Your instructions:
Transcribe the following records exactly, images excluded.

Data for review:

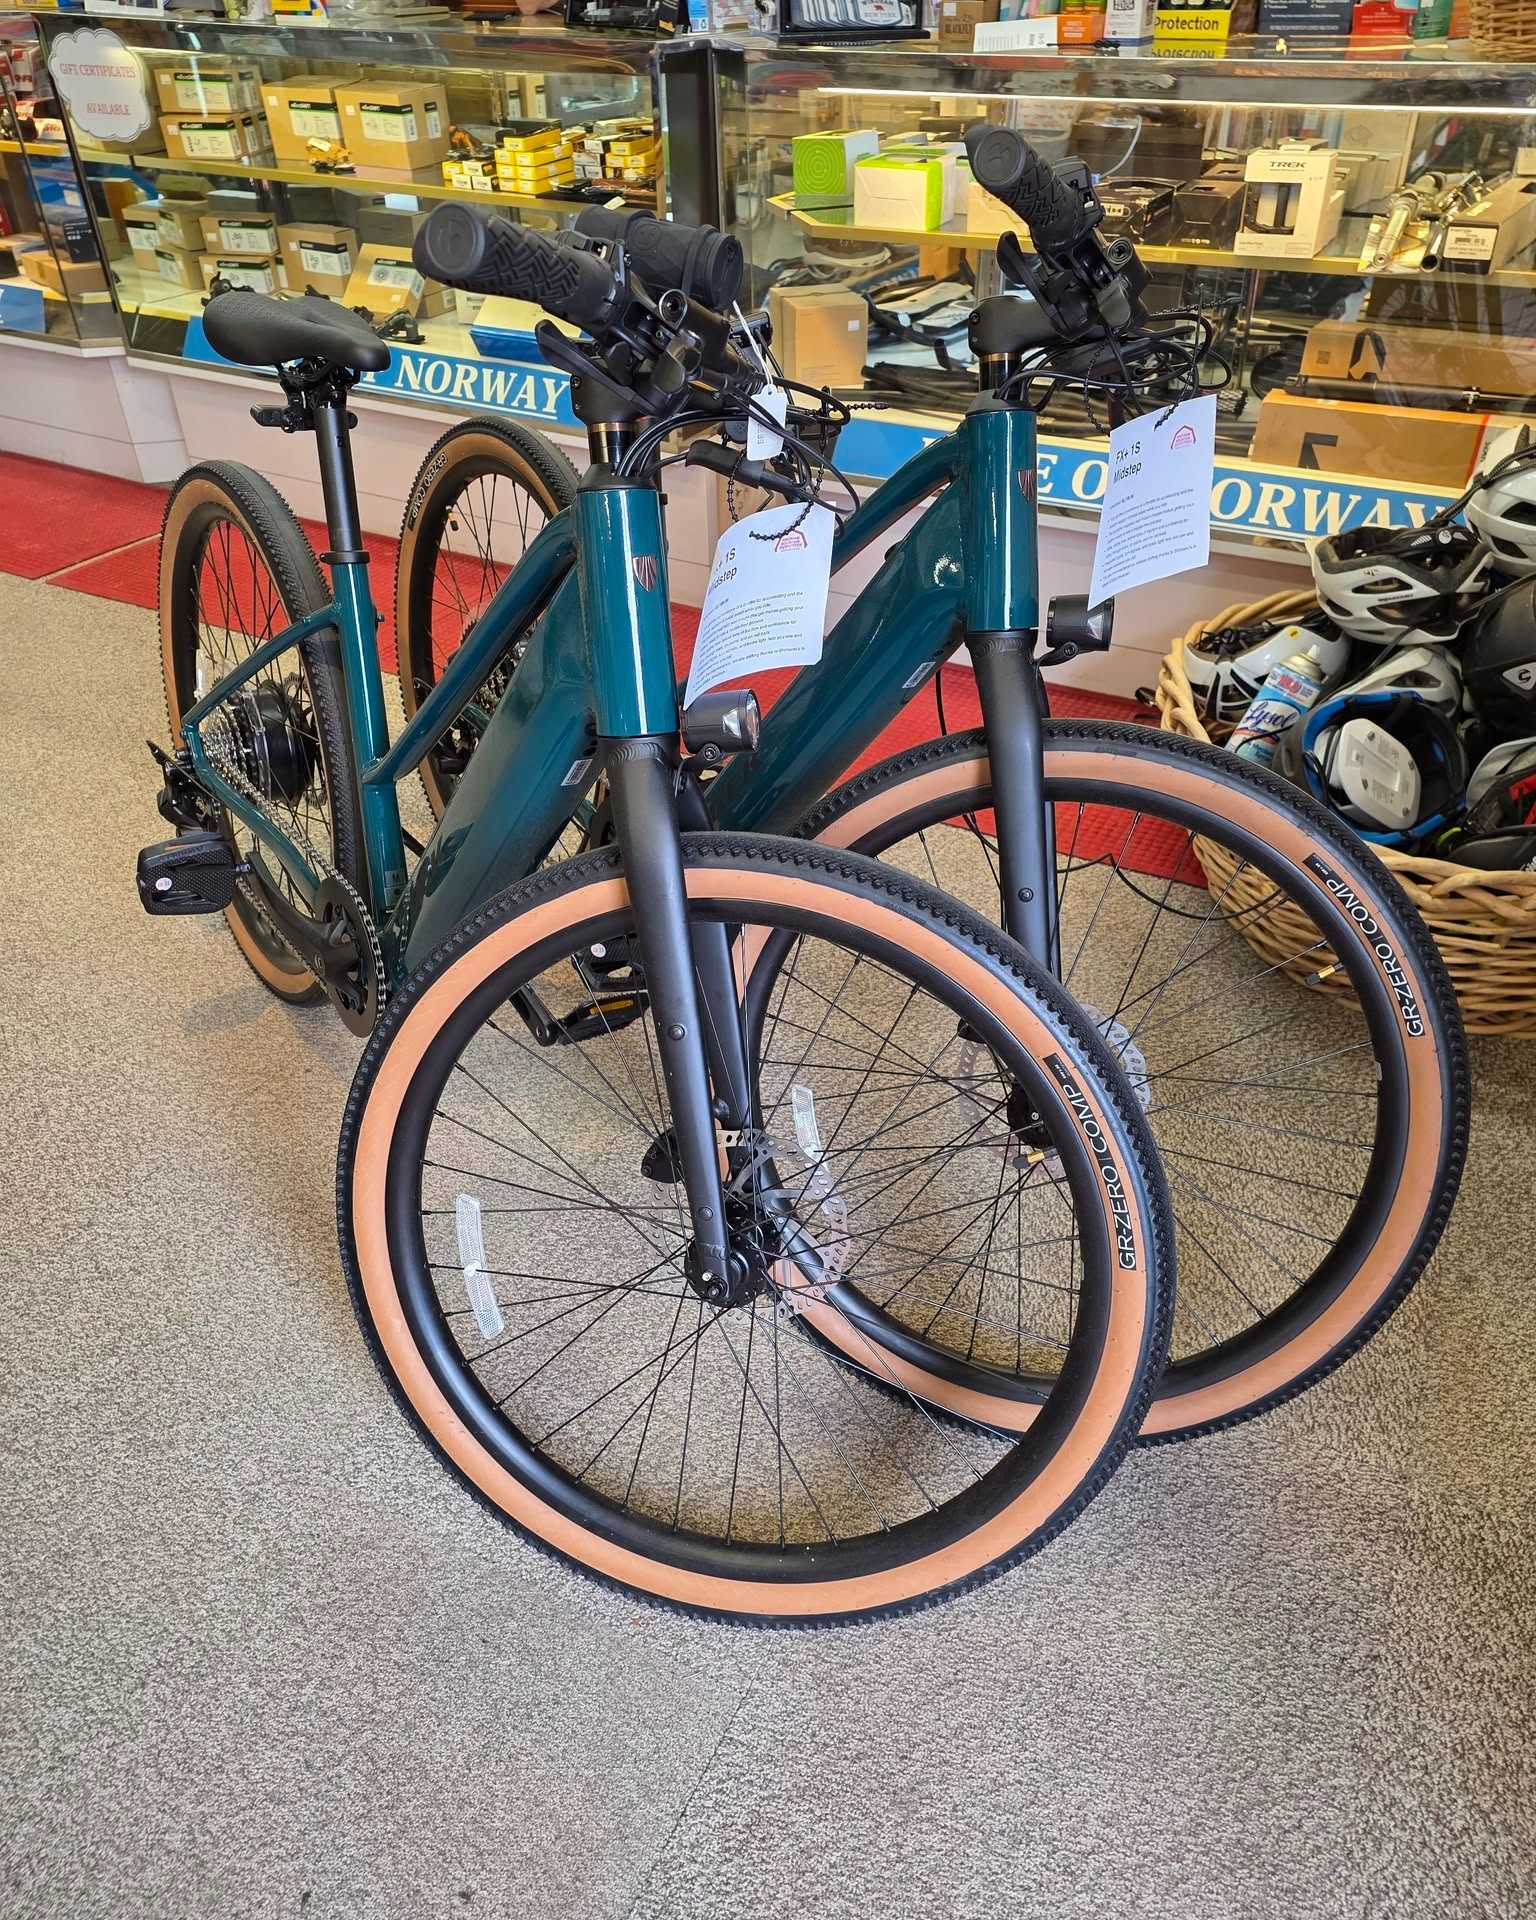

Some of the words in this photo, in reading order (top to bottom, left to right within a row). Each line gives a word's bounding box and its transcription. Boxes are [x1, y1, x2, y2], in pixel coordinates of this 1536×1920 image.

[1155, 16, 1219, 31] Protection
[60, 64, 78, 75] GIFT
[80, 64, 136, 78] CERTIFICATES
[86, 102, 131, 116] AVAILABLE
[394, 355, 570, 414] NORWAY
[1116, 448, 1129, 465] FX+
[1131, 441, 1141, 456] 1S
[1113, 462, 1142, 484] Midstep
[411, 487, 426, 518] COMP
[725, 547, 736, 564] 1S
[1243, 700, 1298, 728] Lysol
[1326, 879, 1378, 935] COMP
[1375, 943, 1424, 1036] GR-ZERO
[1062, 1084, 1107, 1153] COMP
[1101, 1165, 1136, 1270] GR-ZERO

Problem solution:
Some of the words in this photo, in reading order (top to bottom, left to right within a row). Each line gives a word's bounding box and its transcription. Boxes are [x1, y1, x2, y2], in pixel coordinates of this 1536×1920 image.

[1155, 16, 1219, 31] Protection
[60, 64, 78, 75] GIFT
[80, 64, 136, 78] CERTIFICATES
[86, 102, 131, 116] AVAILABLE
[394, 355, 570, 414] NORWAY
[1116, 448, 1129, 465] FX+
[1131, 441, 1141, 456] 1S
[1113, 462, 1142, 484] Midstep
[411, 487, 426, 518] COMP
[725, 547, 736, 564] 1S
[1243, 700, 1298, 728] Lysol
[1326, 879, 1378, 935] COMP
[1375, 943, 1424, 1036] GR-ZERO
[1062, 1084, 1107, 1153] COMP
[1101, 1165, 1136, 1270] GR-ZERO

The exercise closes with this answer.